Naruto gasped in excitement, "It works!"

His father turned in surprise, "It does? It does!"

**XOXOXOXOXOXOXOXOXOX**

Naruto waved as his father left the house. "Good bye, Papa! Good luck!"

Minato looked back at his son, "Good-bye Naruto! Take care while I'm gone!" And with that he turned his sights to the path ahead. 'Such good vibes, no way I'll get lost!' 

**XOXOXOXOXOXOXOXOXOX**

Those good vibes were false prophets because the slightly eccentric inventor found himself hopelessly lost in the forest not a few hours later.

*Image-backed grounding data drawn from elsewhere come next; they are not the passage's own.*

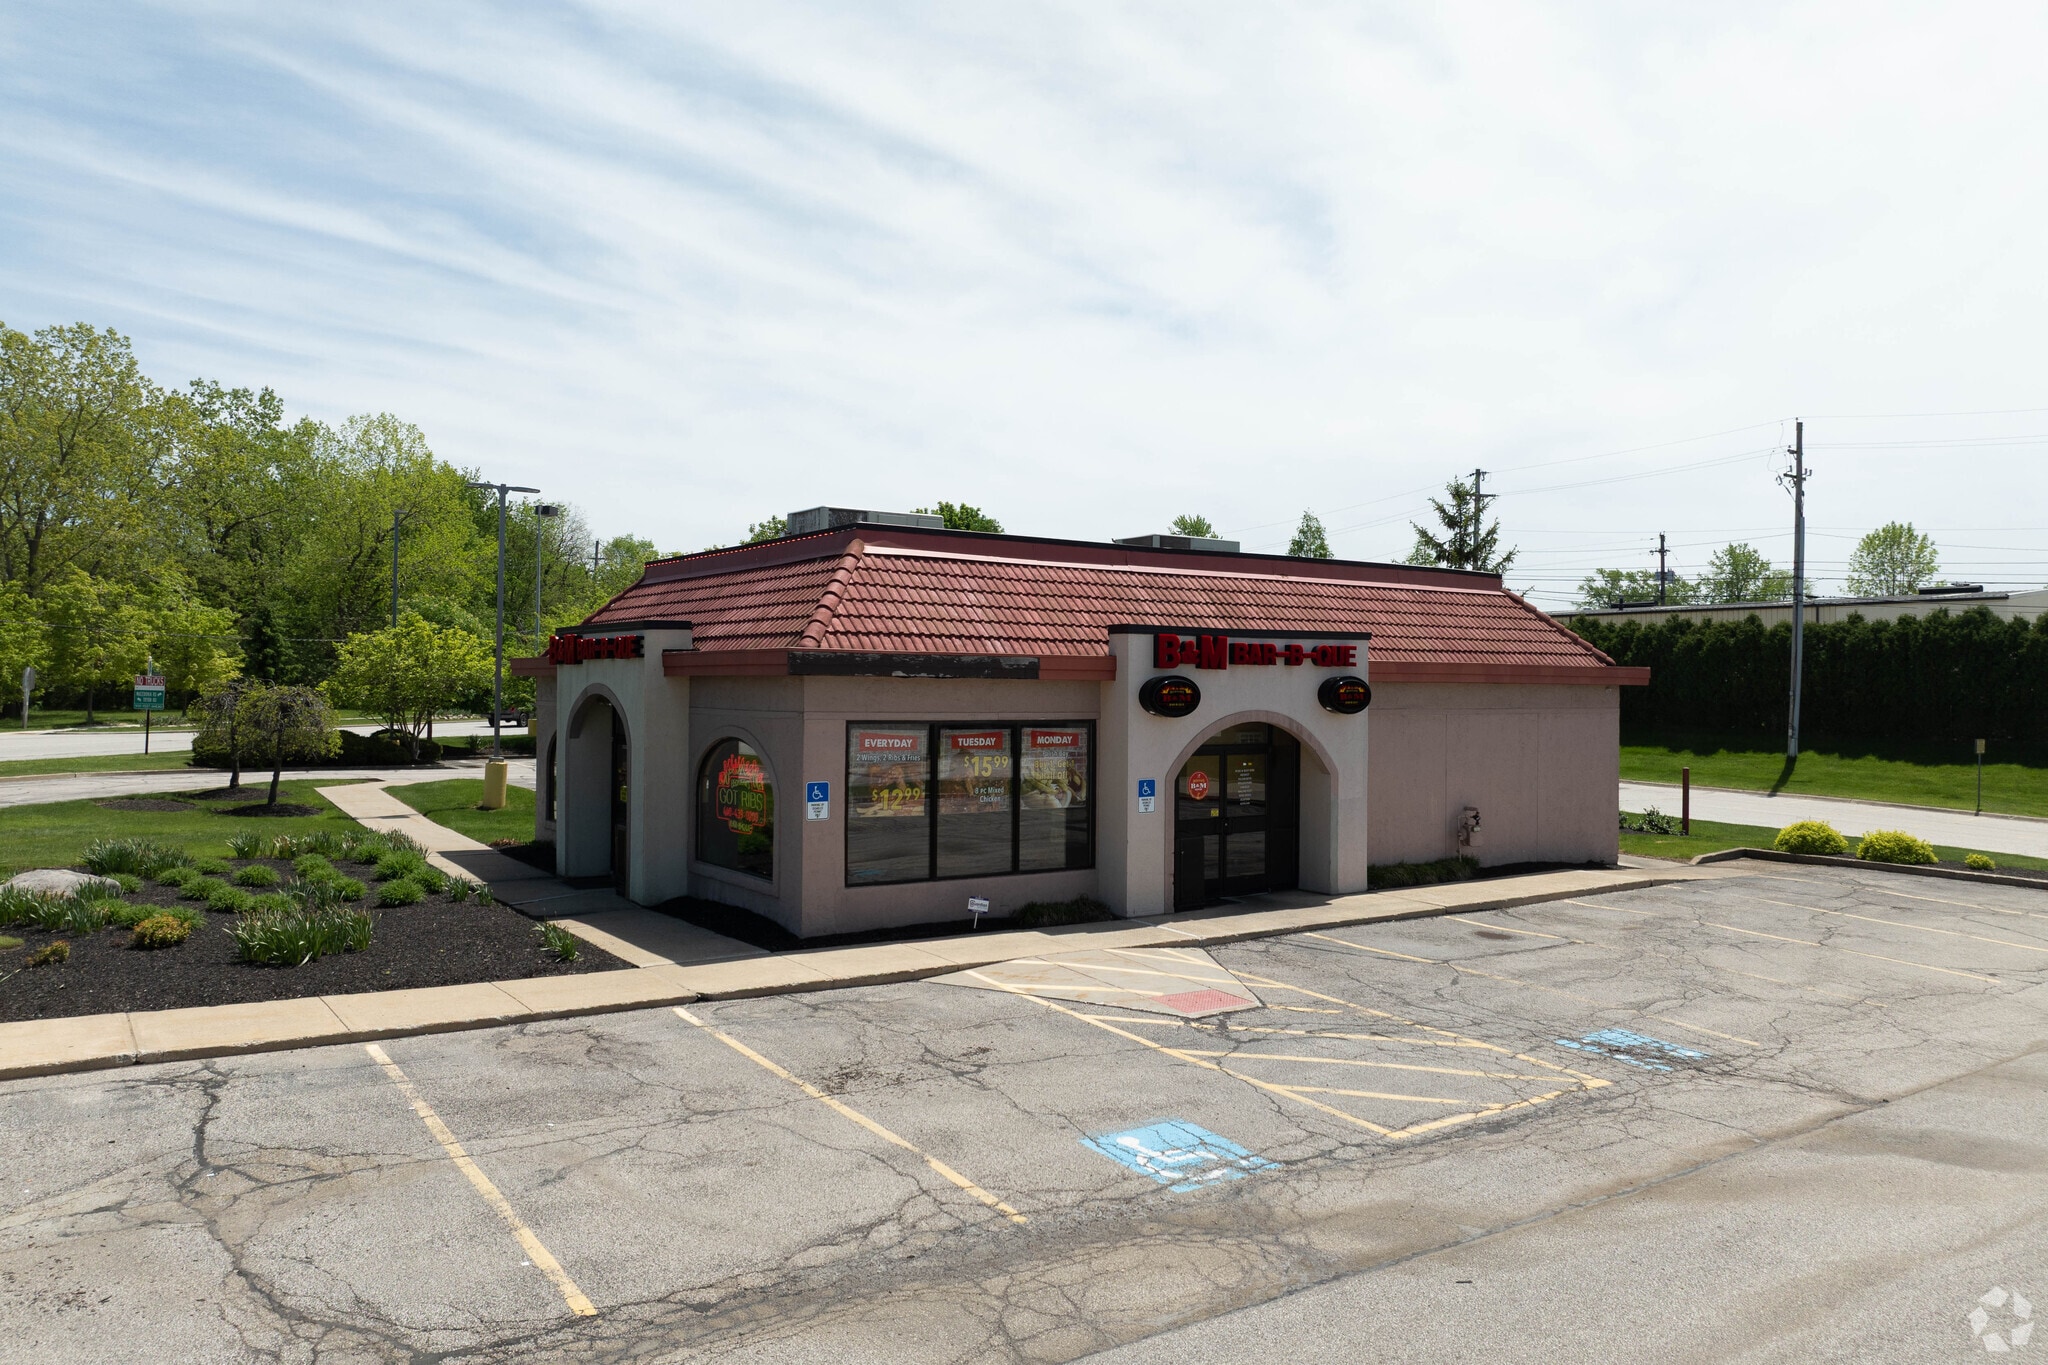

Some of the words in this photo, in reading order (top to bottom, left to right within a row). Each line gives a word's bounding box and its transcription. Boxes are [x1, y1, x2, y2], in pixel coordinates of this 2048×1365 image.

[1154, 633, 1228, 670] B&M
[1229, 642, 1357, 666] BAR-B-QUE
[146, 676, 164, 685] TRUCKS
[864, 739, 913, 748] EVERYDAY
[958, 738, 996, 746] TUESDAY
[1037, 736, 1073, 744] MONDAY
[1034, 760, 1048, 769] Buy
[1057, 760, 1069, 768] Get
[987, 786, 1005, 794] Mixed
[719, 787, 739, 805] GOT
[741, 791, 763, 811] RIBS

Not only lost in a dangerous forest, but a dark and foggy dangerous forest.

Minato sighed, "We should have been there by now. Maybe we missed a turn... I guess I should have taken a..." Just then the fork in the road became visible through the thick fog, a sign post stood, waiting to guide. The lost traveler held up his lantern to read it; one way to Anaheim and the other Valencia. After a moment, Minato pulled the reins to lead his horse-Gamabunta- down the path to the right.

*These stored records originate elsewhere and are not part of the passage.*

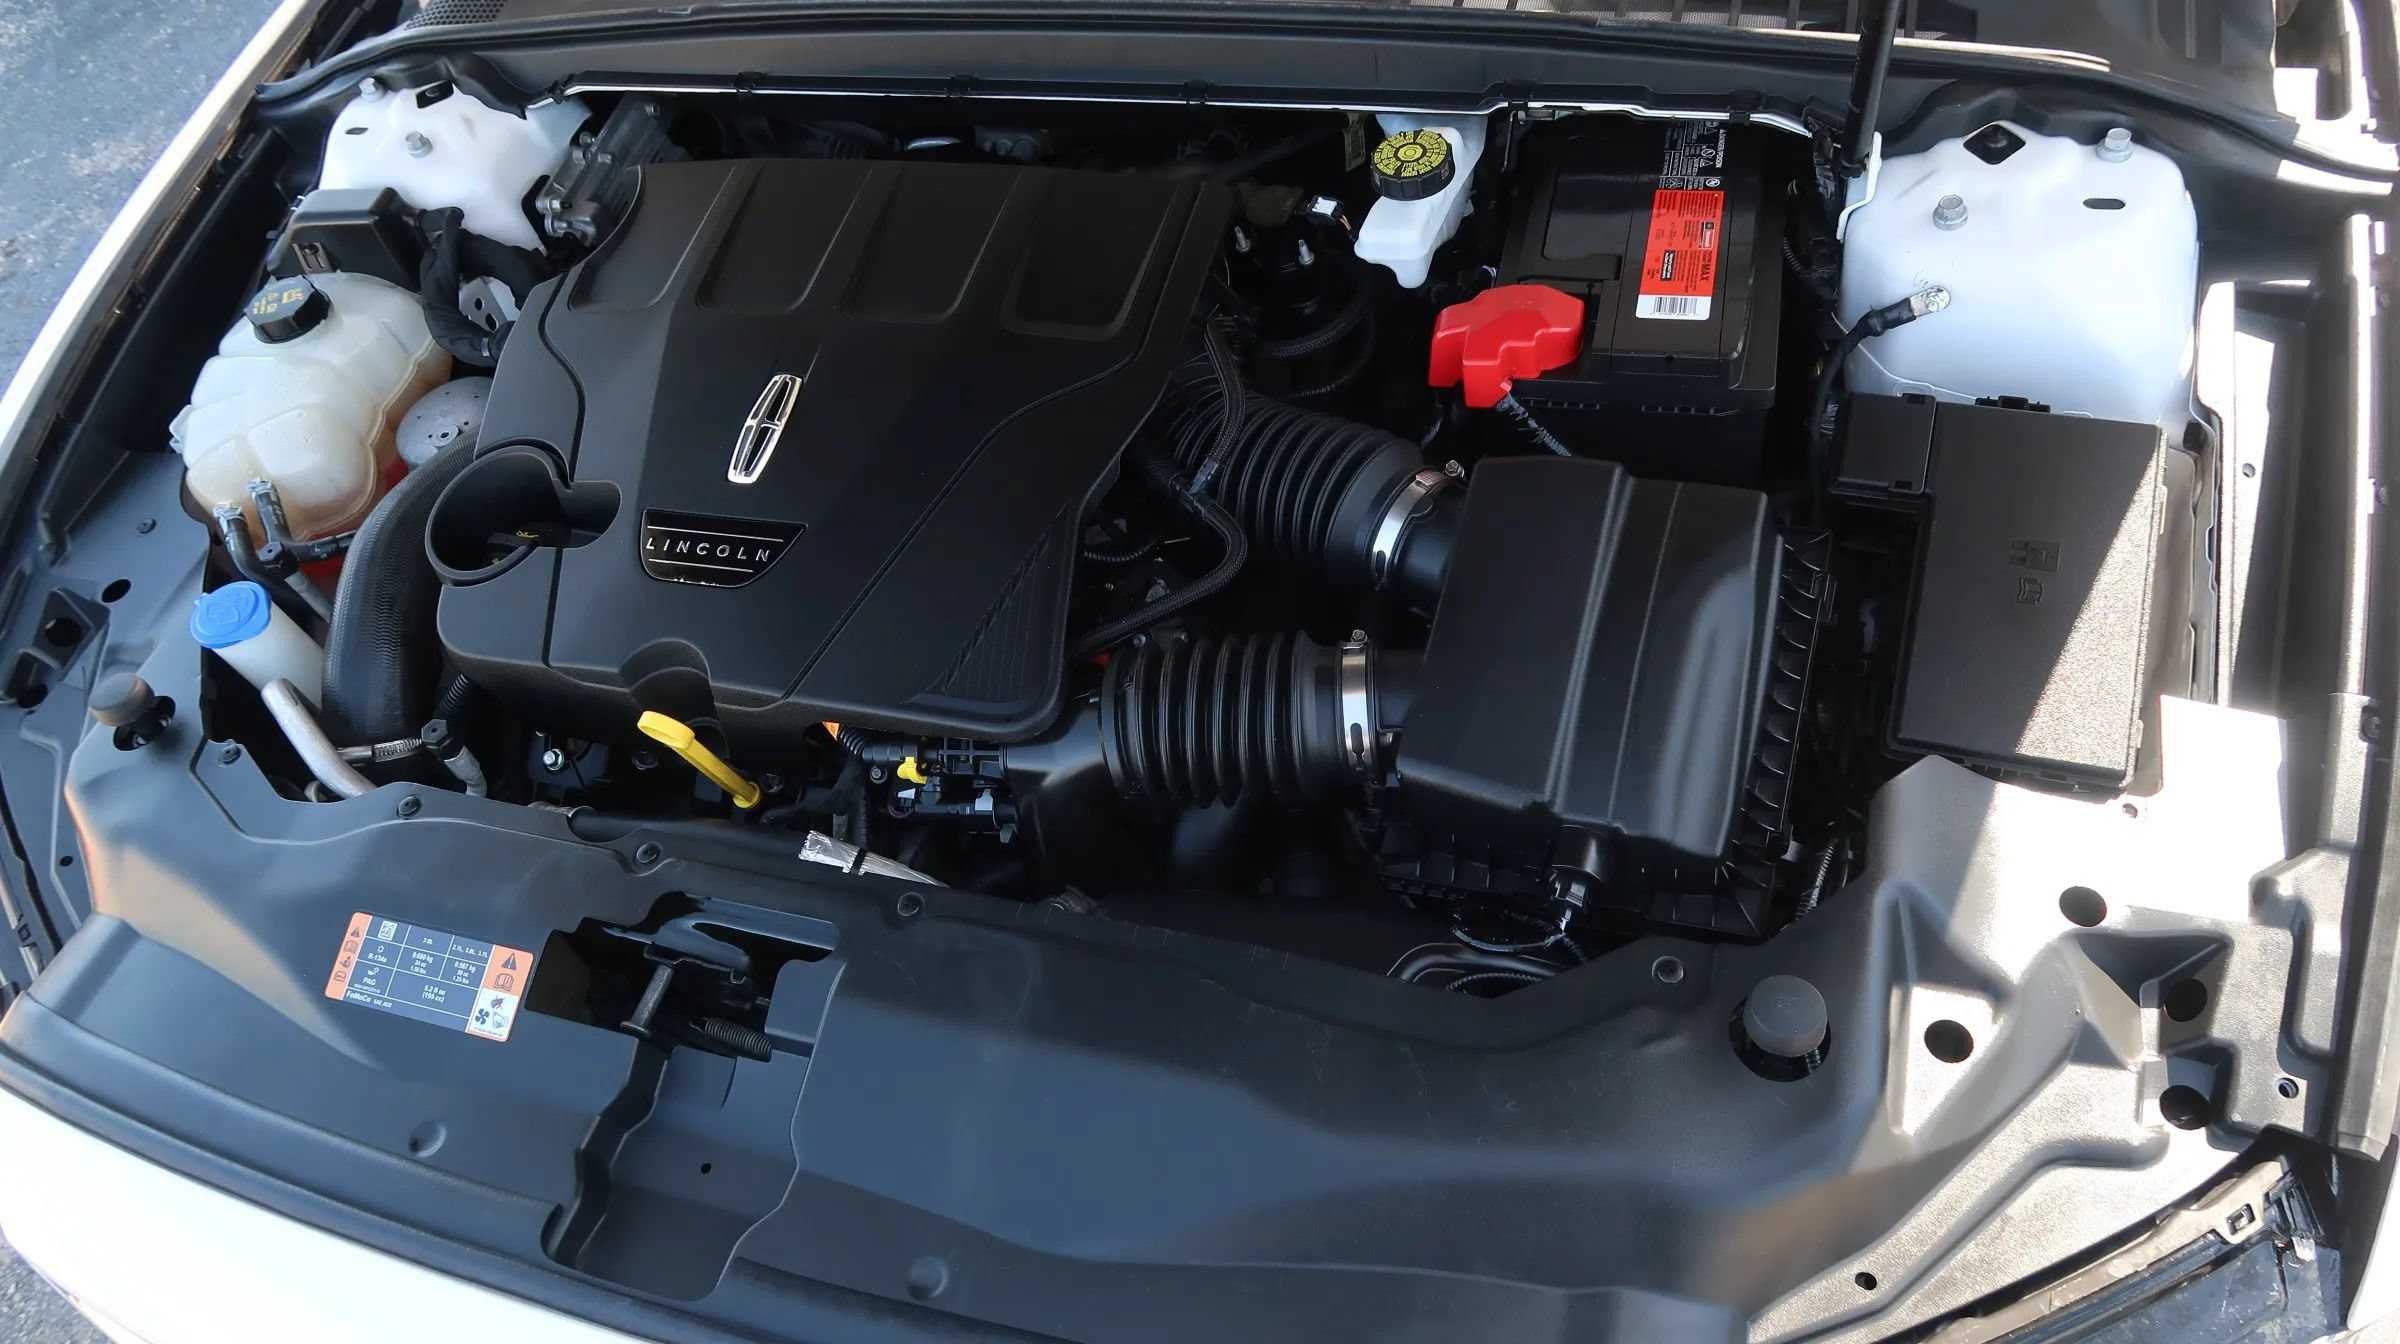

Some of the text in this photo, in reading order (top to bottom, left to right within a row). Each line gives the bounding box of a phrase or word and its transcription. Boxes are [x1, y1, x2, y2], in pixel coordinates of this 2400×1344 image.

[1699, 263, 1713, 281] MAX
[645, 537, 771, 562] LINCOLN
[367, 952, 387, 963] R-134a
[424, 954, 434, 964] kg
[467, 964, 476, 973] kg
[362, 976, 377, 986] PAG
[423, 984, 434, 992] 5.2
[345, 990, 371, 1002] FoMoCo
[433, 994, 445, 1003] cc)

Now, Gamabunta was not a dumb horse, he was even know to the village as a fox killer, so when he saw the he was being led down a dark, foggy, overgrown road when a perfectly nice one was only a different direction away... he pulled to the left.

Minato yanked the reluctant horse right again, "Come on Gamabunta! It's a shortcut; we'll be there in no time!" And so they continued their journey...

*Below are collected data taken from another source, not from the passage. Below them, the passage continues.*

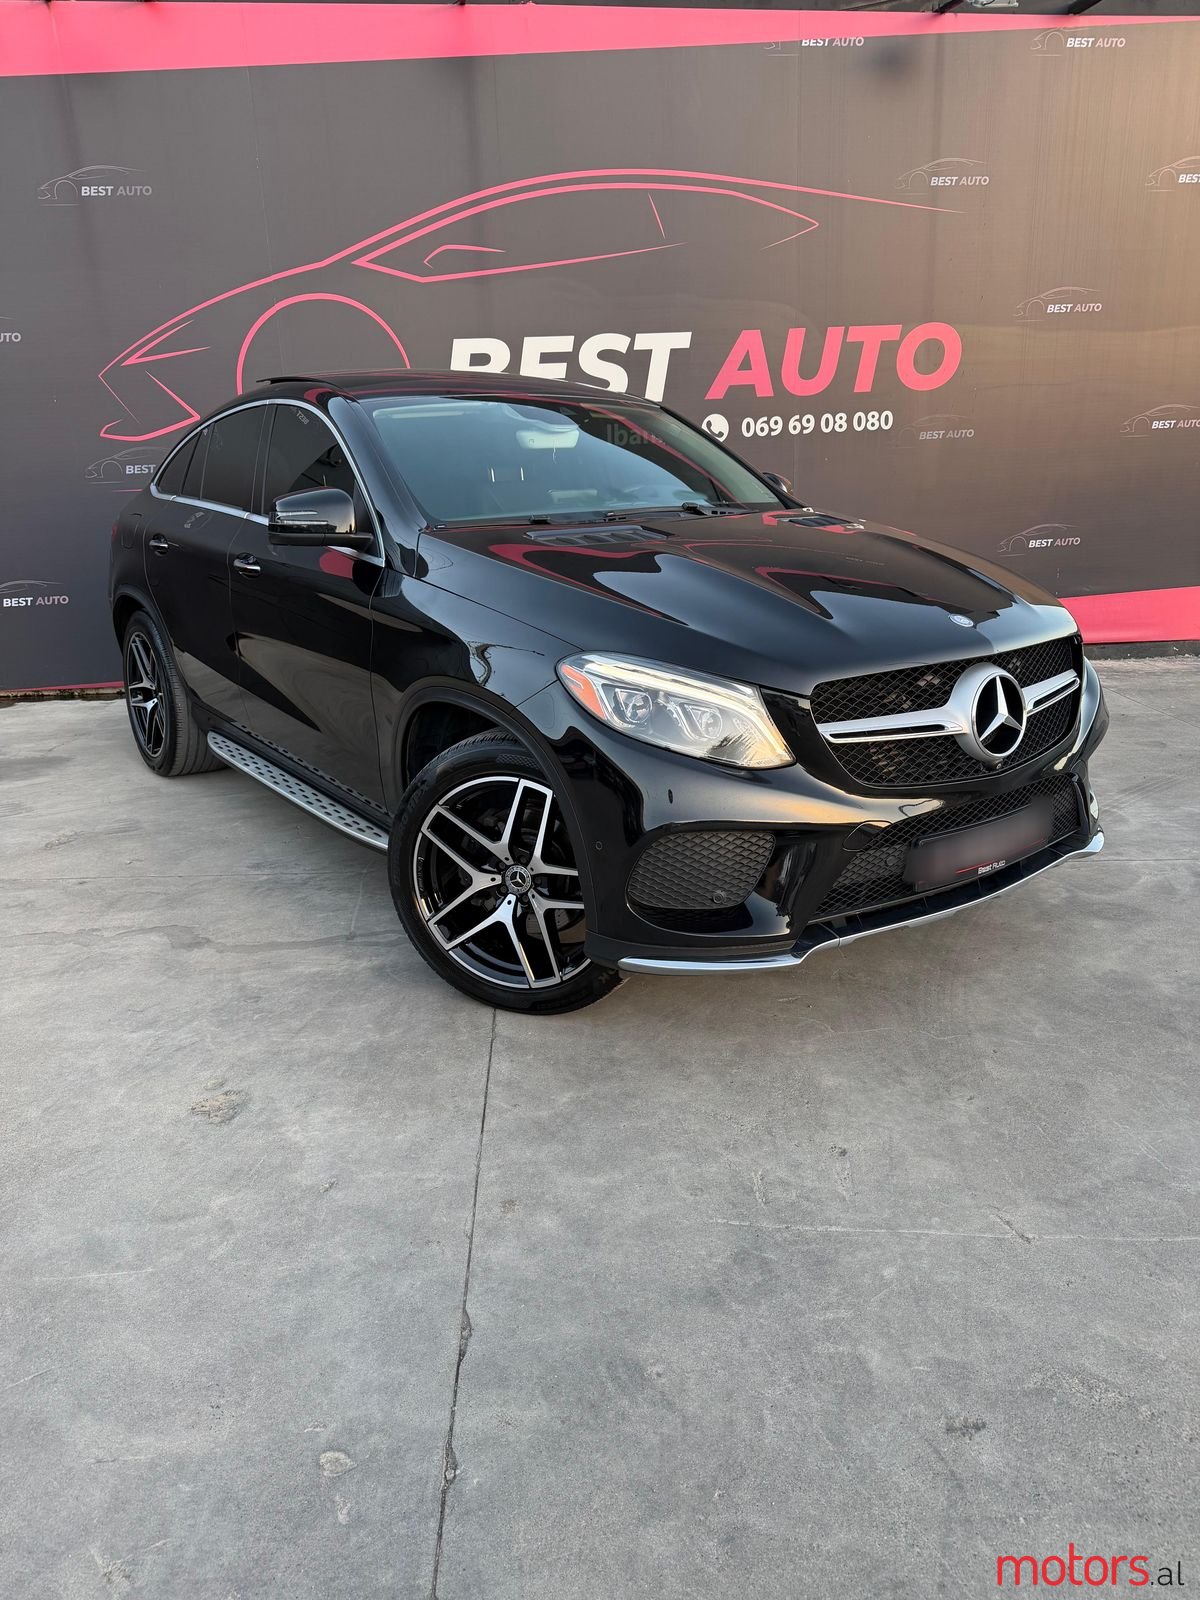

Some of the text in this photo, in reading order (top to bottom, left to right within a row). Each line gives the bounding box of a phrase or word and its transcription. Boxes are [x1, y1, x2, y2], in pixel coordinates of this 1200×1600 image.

[802, 36, 865, 47] BEST AUTO
[1066, 37, 1126, 48] BEST AUTO
[930, 176, 990, 186] BEST AUTO
[1178, 173, 1200, 183] BES
[81, 185, 153, 196] BEST AUTO
[1046, 302, 1102, 313] BEST AUTO
[704, 322, 963, 400] AUTO
[741, 410, 894, 438] 069 69 08 080
[1151, 420, 1177, 430] BEST
[918, 429, 975, 440] BEST AUTO
[125, 464, 157, 475] BEST
[1028, 537, 1081, 548] BEST AUTO
[3, 595, 70, 608] BEST AUTO

**XOXOXOXOX**… Unknown amount of time later...**OXOXOXOXOXO**

Minato looked around with a worried expression on his face, "This can't be right. Where have you taken us, Gamabunta?" The horse let out an offended whiney, "We'd better turn around...and...Whoa...whoa boy, whoa Gamabunta! Oh, oh! Look out!" A tree not far away suddenly erupted with bats.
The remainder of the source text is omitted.